Importance of the Topic

Monitoring water in mineral-based turbine and hydraulic oils is vital to maintain optimal lubrication, prevent corrosion, additive depletion, and avoid machinery failure.
Onsite analysis minimizes sample alteration due to storage, transport, and de-emulsification processes.

Study Objectives and Overview

This application note introduces an FTIR-based quantitative method employing a novel surfactant-based water stabilization technique.
The aim is to achieve Karl Fischer-equivalent accuracy and range for water determination while reducing analysis time and eliminating hazardous reagents.

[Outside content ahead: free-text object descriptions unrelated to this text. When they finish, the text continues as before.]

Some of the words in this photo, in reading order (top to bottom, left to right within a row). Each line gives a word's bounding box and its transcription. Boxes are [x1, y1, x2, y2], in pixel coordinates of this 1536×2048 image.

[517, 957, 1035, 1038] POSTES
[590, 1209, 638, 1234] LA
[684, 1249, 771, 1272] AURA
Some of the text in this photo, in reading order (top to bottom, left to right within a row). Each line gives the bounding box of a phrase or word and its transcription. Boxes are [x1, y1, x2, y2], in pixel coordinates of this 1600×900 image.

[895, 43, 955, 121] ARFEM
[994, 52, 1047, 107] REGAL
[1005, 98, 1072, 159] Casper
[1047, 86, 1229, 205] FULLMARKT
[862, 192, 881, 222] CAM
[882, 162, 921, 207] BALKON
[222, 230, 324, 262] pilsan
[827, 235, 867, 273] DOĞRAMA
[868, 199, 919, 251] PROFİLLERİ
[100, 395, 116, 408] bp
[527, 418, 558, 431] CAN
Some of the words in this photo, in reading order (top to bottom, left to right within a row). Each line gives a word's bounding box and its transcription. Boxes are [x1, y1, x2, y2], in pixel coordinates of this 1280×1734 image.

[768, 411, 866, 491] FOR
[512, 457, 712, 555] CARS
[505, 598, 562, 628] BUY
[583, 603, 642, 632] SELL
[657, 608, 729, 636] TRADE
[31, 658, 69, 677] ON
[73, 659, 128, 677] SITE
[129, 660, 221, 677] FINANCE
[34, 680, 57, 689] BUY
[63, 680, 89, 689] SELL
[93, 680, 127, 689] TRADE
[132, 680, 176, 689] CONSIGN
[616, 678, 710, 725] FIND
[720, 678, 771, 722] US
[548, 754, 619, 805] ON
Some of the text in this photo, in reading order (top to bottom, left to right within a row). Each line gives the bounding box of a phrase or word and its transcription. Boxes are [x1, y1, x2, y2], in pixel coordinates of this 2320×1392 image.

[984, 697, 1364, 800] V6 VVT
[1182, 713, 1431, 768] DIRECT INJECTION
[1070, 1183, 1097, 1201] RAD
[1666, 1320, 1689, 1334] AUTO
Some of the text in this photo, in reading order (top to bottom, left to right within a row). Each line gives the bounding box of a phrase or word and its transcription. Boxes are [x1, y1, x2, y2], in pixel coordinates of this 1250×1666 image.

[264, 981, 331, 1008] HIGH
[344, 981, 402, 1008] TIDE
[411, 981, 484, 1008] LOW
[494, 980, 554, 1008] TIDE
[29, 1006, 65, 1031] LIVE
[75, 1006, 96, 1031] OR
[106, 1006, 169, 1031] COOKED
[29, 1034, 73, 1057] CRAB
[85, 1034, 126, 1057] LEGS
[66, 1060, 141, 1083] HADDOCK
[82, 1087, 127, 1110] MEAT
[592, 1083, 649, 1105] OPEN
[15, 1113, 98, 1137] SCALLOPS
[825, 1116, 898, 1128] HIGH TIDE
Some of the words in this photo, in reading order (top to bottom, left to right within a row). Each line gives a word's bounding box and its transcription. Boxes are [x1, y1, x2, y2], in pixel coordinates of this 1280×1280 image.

Methodology and Instrumentation

Instrumentation Used: Agilent 5500t FTIR spectrometer series.
Reagents: Non-ionic polyethylene oxide surfactant blend (water stabilizer).

Sample Preparation and Measurement:

Gravimetric preparation of oil standards with water levels from 5 to 5300 ppm in both new and aged/in-service oils.
Add ~3 % surfactant, mix gently to form a stable micro-emulsion, minimizing droplet scattering.
Acquire FTIR spectra (100 μm pathlength), subtract pure oil baseline, apply mean centering, thickness and baseline correction.
Develop a partial least squares (PLS) calibration model (R2 ≈ 0.9985, SECV = 85 ppm), correcting for surfactant’s inherent water contribution (~25.5 ppm).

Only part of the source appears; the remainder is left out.